This is not to mention the fact that the last few times I’ve been out with an ultra-wide, I’ve taken a tripod. Which is fine, it helps to control the camera for perfect framing, but I just end up getting obsessive about composition, which just too much thinking for my liking a lot of the time!

Simple framing

What I’ve found addictive about the Lomo LC-Wide is that it helps me escape that need to concentrate so hard. Shooting with it I’ve found myself being much less concerned about perfect framing. In fact a lot of the time I’ve found myself not even bothering to look through the viewfinder.

The finder isn’t particularly accurate even when you do look through it, so trying to use it for precise framing is almost pointless. Realising this had an almost instant affect on me – there’s no point in trying to concentrate on proper composition and framing with a camera that doesn’t have the tools to allow you to so.

In practice I’ve actually found that 17mm feels like a very easy field of view to frame with mentally anyway. You can pretty much point it roughly in the right direction and you’ll probably get something of what you wanted in frame. This might sound slapdash, but when taking into account my usual approach to ultra-wide photography, it’s nothing short of refreshing!


Simple function

Then of course theres the fact that when shooting the Lomo LC-Wide, the only control you have is the aforementioned very basic focus switch. Near focus gives you a 0.4m-0.9m, and far gives you 0.9m to infinity. In practice since the camera automatically controls the aperture, even those simple numbers are very much an approximation, so again you are very quickly forced to stop worrying too hard about what will and won’t be in focus.

There is of course all the half frame, square frame and multiple exposure stuff the Lomo LC-Wide does… but frankly I can’t be arsed with any of that! Why complicate things with those added choices…?


Minimum brain function wins

This basic function and slightly poor viewfinder works together to just keep the thought processes to the absolute most basic of levels. On a lot of occasions I’ve just seen an idea for a shot, made a snap decision about focus, put the camera in a place that looks like it will achieve something along the lines of what I have in my head and pressed the button and let the auto-exposure do the rest. The crazy thing is, in the shots where I’ve done this, I’ve actually found greater success than when I’ve tried to concentrate harder or been more considered in my approach – the camera simply doesn’t allow precision, so try to use it that way and you increase your chances of disappointed.

The results

This lack of precision is mirrored in the results too. You’re instantly on to a loser if you set your expectations to high – you’re definitely not going to find anything close to objective perfection in the results from the Lomo LC-Wide.
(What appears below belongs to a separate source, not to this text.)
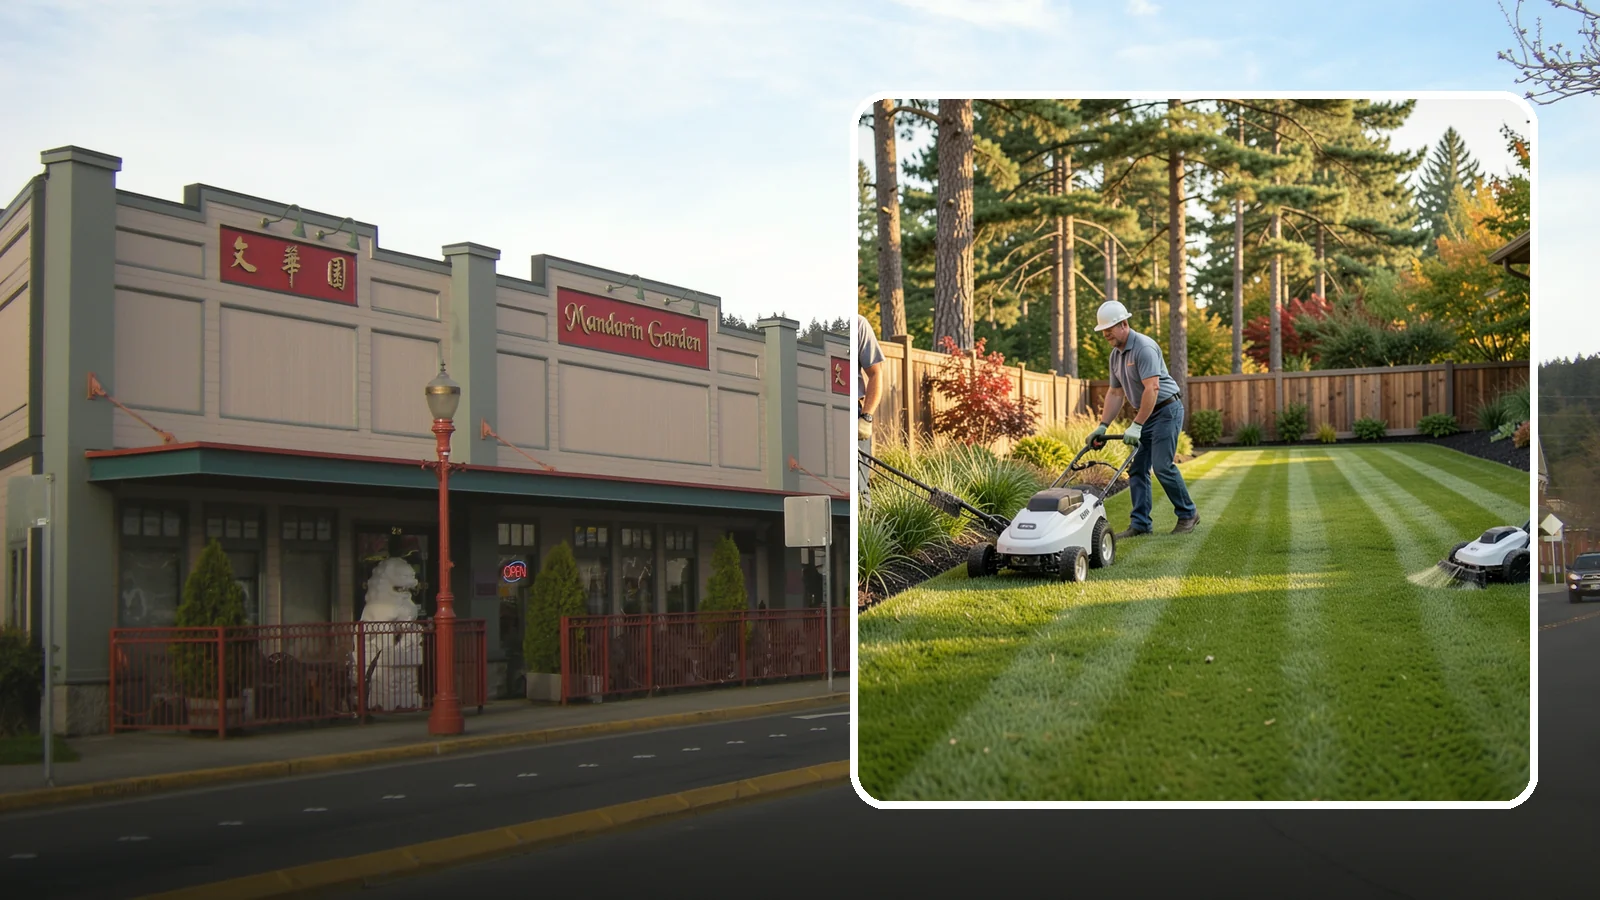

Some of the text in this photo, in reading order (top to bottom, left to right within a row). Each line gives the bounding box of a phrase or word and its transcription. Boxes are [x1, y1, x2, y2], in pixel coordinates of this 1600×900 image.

The 17mm lens’s most notable positive feature is that does exhibit quite a fair amount of contrast. The contrast gives images a sense of clarity, but look too close and you’re going to find a lack of objective sharpness.
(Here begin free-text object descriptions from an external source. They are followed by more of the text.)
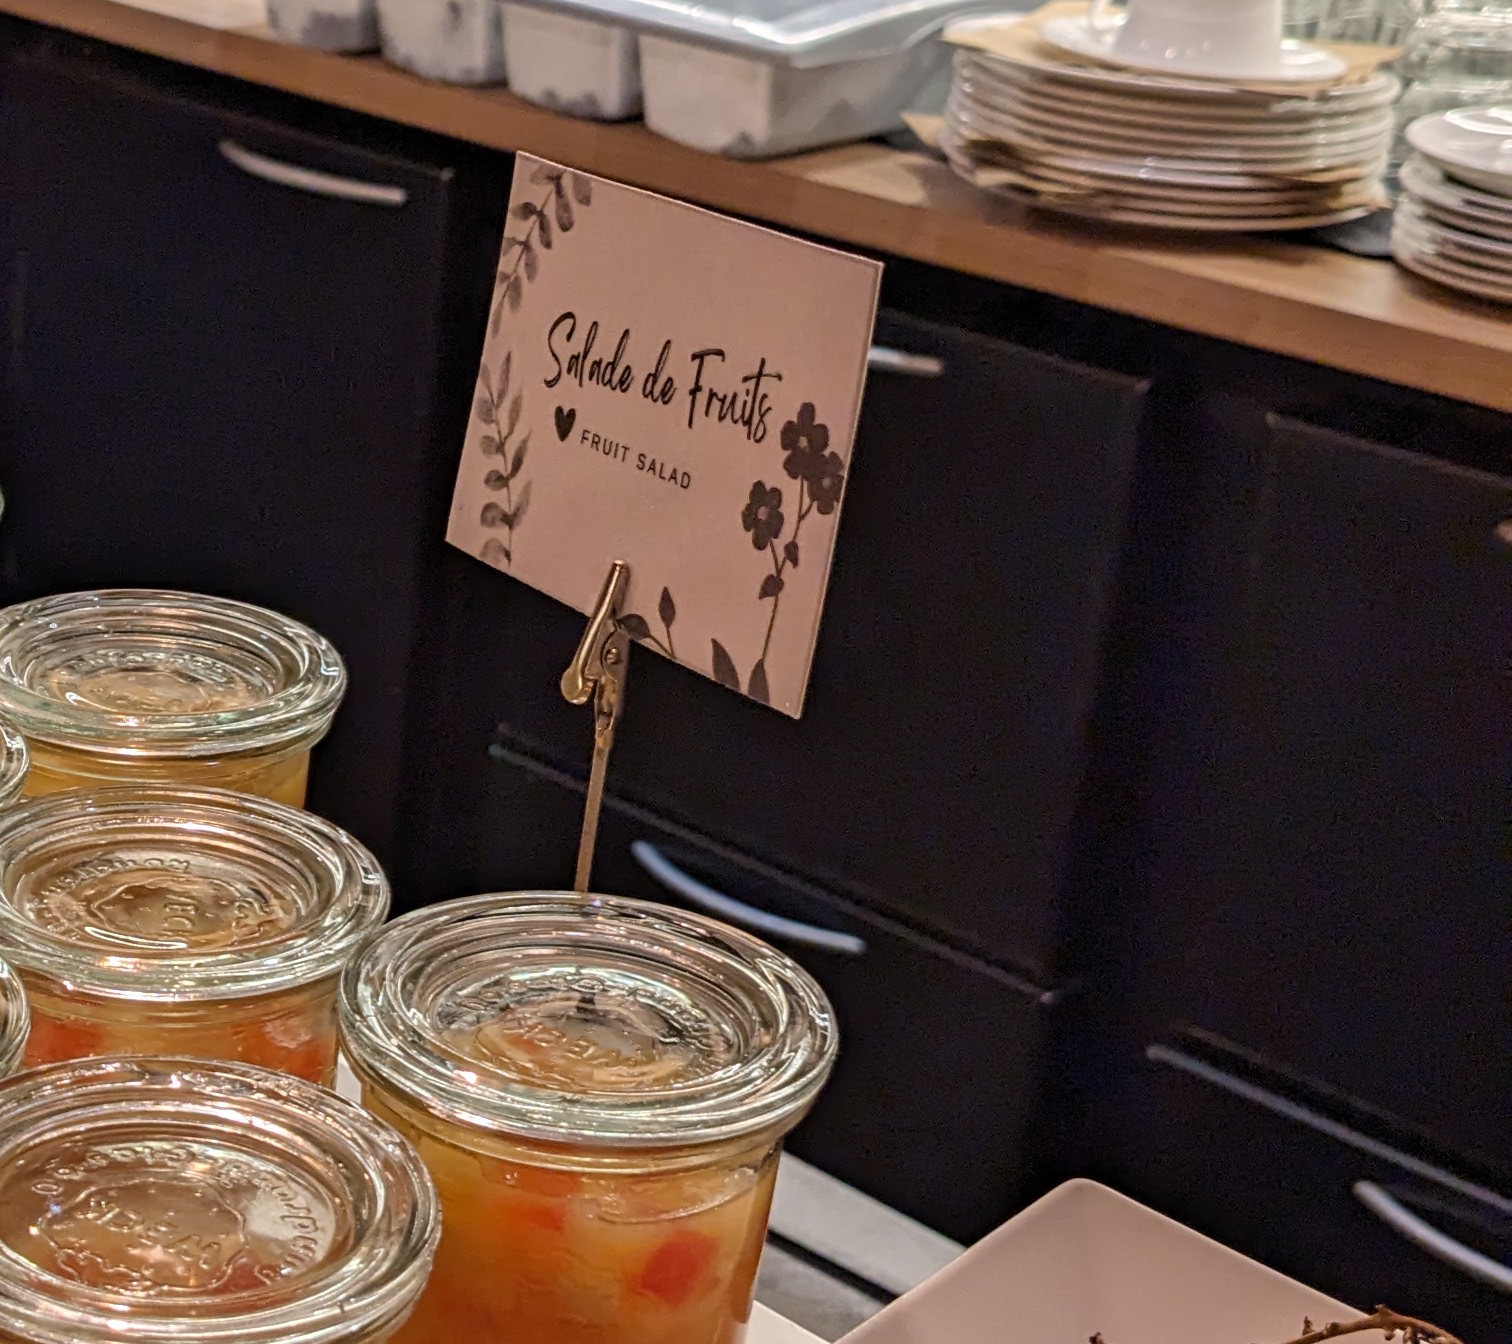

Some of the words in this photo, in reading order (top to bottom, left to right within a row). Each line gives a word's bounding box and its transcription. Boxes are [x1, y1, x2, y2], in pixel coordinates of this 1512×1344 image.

[544, 311, 634, 394] Salade
[642, 339, 677, 405] de
[689, 348, 784, 444] Fruits
[580, 429, 630, 463] FRUIT
[636, 453, 691, 490] SALAD
Snap with the Lomo Lc-Wide

Corners fall of to a very strong vignette too, and any semblance of sharpness there was smears well away toward the edges of the frame. With the camera I’ve been shooting with I’ve also found smearing to the left half of the frame when using the far focus. And then on top of that there’s the whole heap of severe and very difficult to correct distortion.

Take this next image as an example. I’d argue that this could be considered quite a conventional ultra-wide lens image. You can see all of the traits that I’ve mentioned impacting on it in a way that many would declare as negative. And to be fair, I’d probably agree – this image would be better if at very least the distortion and left frame smearing weren’t so strongly present.


So bad lens, bad camera? Well no. Those who read this blog regularly will know that sort of attitude doesn’t wash with me. A bad photo is much more likely caused by any number of bad choices before it’s caused by a bad lens. In this case, the above subject matter – at least to mind – is just a poor choice for this camera/lens.

What I’ve found works best with the Lomo lC-Wide is poking it into places that are going to result in interesting perspectives. To be fair, I think that’s good advice for the use of any ultra wide lens, with this camera though, it’s almost essential as quite often the odd perspectives either hide or work with the objective shortcomings of the lens.


Take this next image – possibly my favourite from the camera so far. I could see in my head a black & white photo a sort of dystopian tower block within a fenced off enclosure. I didn’t want the fence to be too intrusive to the shot, but obviously it was still a key point of interest. My only real concern when taking the image was making sure the gap in the fence was relatively central to the frame. Luck made the roof of the building fit within that gap – I didn’t look through the viewfinder, I just lined the camera up with the hole in the fence and shot. None of the objective shortcomings impact on this image in the way they do on the previous canal shot.


In this next shot my concern was blocking the view of a parked white van with the tree. I couldn’t have looked through the viewfinder even if I had tried. I knew I could get some autumnal leaves in the foreground, just by putting the camera right in amongst them, beyond that and the van, I wasn’t really thinking about much else, I just figured it would make for an interesting and potentially unusual composition.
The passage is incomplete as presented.